Each record should be given again exactly as it appears, with no image included.

▶ Record extracts
►

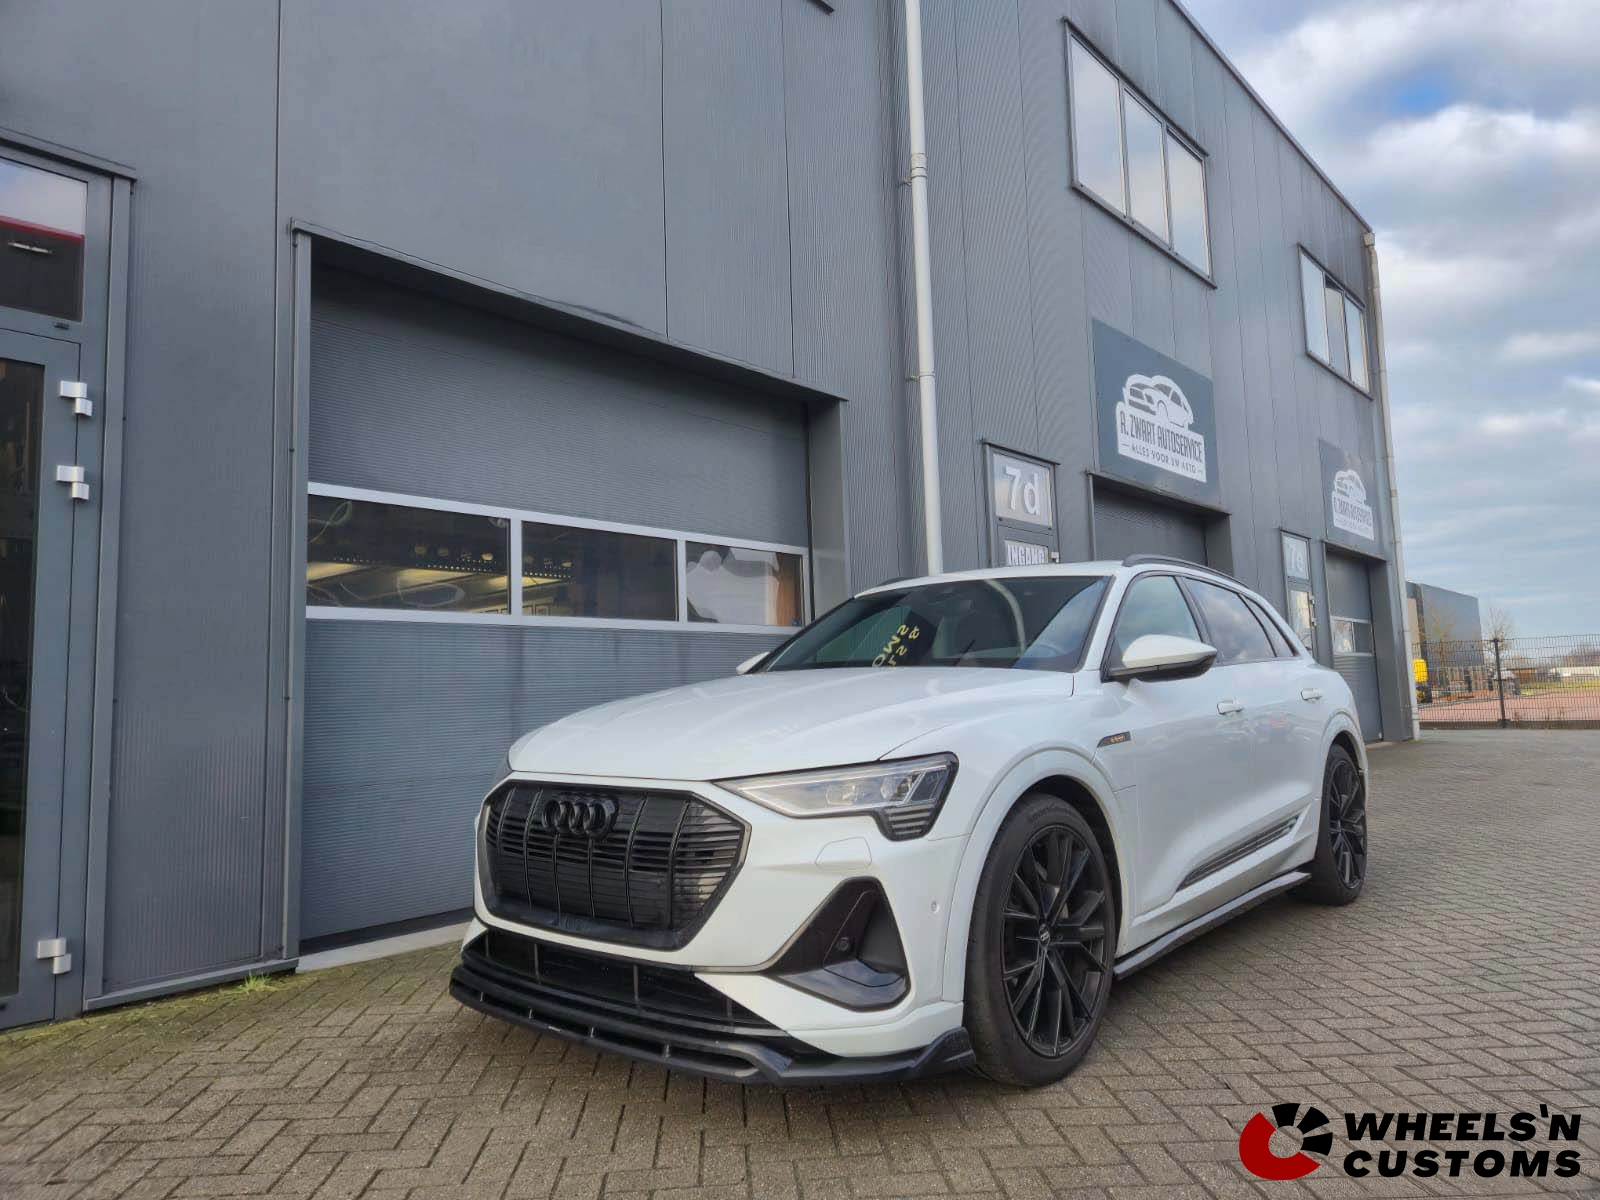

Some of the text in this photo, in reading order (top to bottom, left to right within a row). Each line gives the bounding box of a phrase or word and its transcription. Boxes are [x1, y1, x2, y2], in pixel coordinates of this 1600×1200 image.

[1120, 411, 1203, 463] A. ZWART AUTOSERVICE
[1131, 443, 1149, 457] ALLES
[1152, 450, 1168, 463] VOOR
[1005, 465, 1041, 516] 7d

◄

▶ Answer box
Some of the text in this photo, in reading order (top to bottom, left to right within a row). Each line gives the bounding box of a phrase or word and its transcription. Boxes are [x1, y1, x2, y2], in pixel coordinates of this 1600×1200 image.

[1120, 411, 1203, 463] A. ZWART AUTOSERVICE
[1131, 443, 1149, 457] ALLES
[1152, 450, 1168, 463] VOOR
[1005, 465, 1041, 516] 7d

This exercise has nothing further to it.